DIR_BASENAME = os.path.basename(DB_DIR.rstrip("/"))
OUTPUT_JSONL = os.path.join(
    OUTPUT_DIR, f"combined_{DIR_BASENAME}_bad_{BAD_ID_START}_{BAD_ID_END}_min{MIN_DEPTH}.jsonl"
)

# 便捷导入 build_pair_trajectory（与本文件同目录）
THIS_DIR = os.path.dirname(os.path.abspath(__file__))
sys.path.insert(0, THIS_DIR)
from get_history import build_pair_trajectory  # noqa: E402


def list_db_files(db_dir: str):
    if not os.path.isdir(db_dir):
        print(f"[错误] 目录不存在或不可访问: {db_dir}")
        return []
    files = []
    for name in sorted(os.listdir(db_dir)):
        if name.endswith(".db"):
            files.append(os.path.join(db_dir, name))
    return files


def main():
    os.makedirs(OUTPUT_DIR, exist_ok=True)

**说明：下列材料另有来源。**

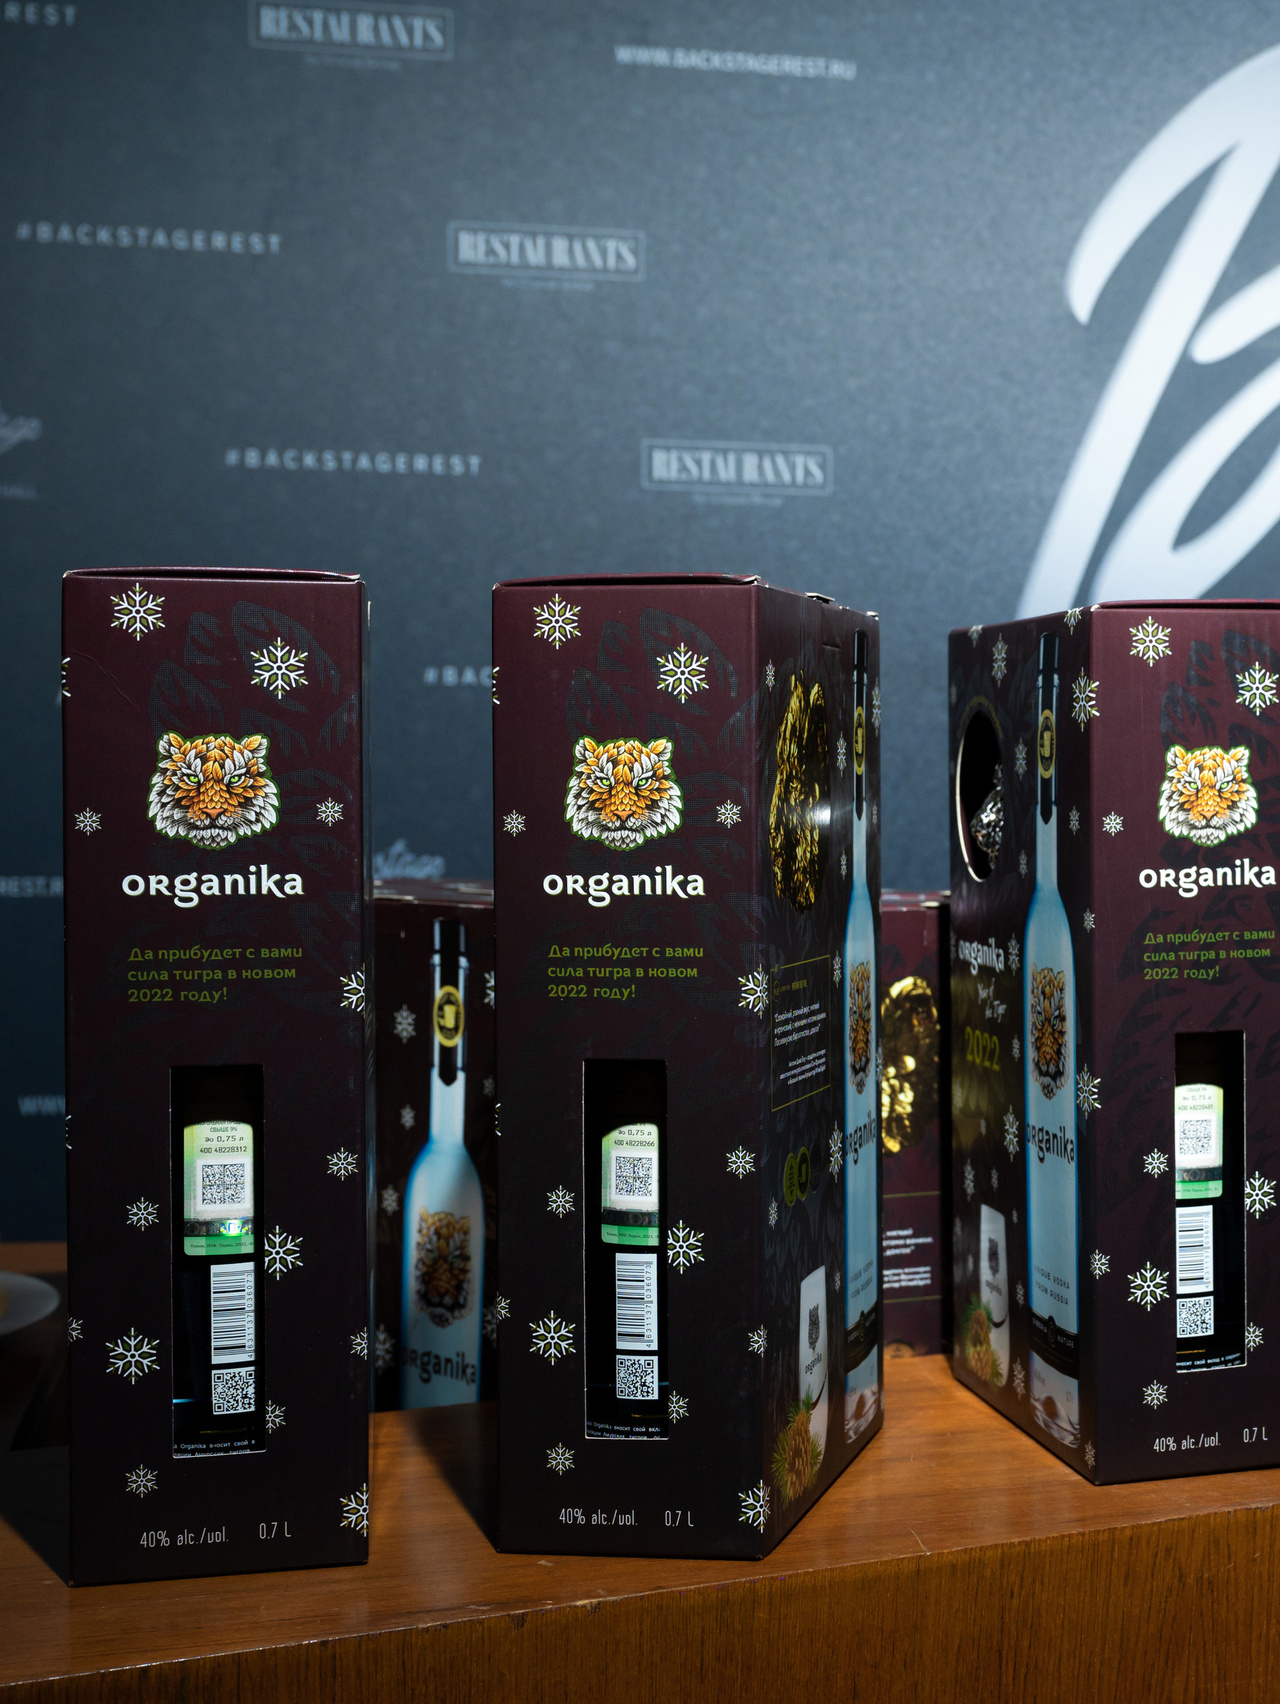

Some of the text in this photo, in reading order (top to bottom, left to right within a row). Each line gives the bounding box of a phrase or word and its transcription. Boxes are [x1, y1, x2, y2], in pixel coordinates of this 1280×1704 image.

    db_files = list_db_files(DB_DIR)
    if not db_files:
        print(f"[信息] 在目录中未找到 .db 文件: {DB_DIR}")
        return

    line_id = 1
    exported_total = 0
    scanned_pairs_total = 0

    with open(OUTPUT_JSONL, "w", encoding="utf-8") as fout:
        for db_path in db_files:
            model_name = os.path.basename(db_path)
            exported_this_db = 0
            scanned_pairs_this_db = 0
            print(f"[处理] {model_name}")

            for uid1 in range(BAD_ID_START, BAD_ID_END + 1):
                for uid2 in range(uid1 + 1, BAD_ID_END + 1):
                    scanned_pairs_this_db += 1
                    scanned_pairs_total += 1
                    try:
                        result = build_pair_trajectory(
                            db_path=db_path,
                            uid1=uid1,
                            uid2=uid2,
                            include_events=INCLUDE_EVENTS,
                        )
                    except Exception as e:
                        print(f"[警告] 构建轨迹失败 {model_name} ({uid1},{uid2}): {e}")
                        continue

                    if result is None:
                        continue

                    depth = int(result.get("对话的深度", 0))
                    if depth < MIN_DEPTH:
                        continue

                    obj = {
                        "id": line_id,
                        "模型种类": model_name,
                        "对话的深度": depth,
                        "对话的内容": result["对话的内容"],
                    }
                    fout.write(json.dumps(obj, ensure_ascii=False) + "\n")
                    line_id += 1
                    exported_total += 1
                    exported_this_db += 1

            print(f"[统计] {model_name} 扫描对数: {scanned_pairs_this_db}, 导出(深度≥{MIN_DEPTH}): {exported_this_db}")

    print(f"[完成] 目录: {DB_DIR}")
    print(f"[完成] 总扫描对数: {scanned_pairs_total}, 总导出(深度≥{MIN_DEPTH}): {exported_total}")
    print(f"[完成] 输出文件: {OUTPUT_JSONL}")


if __name__ == "__main__":
    main()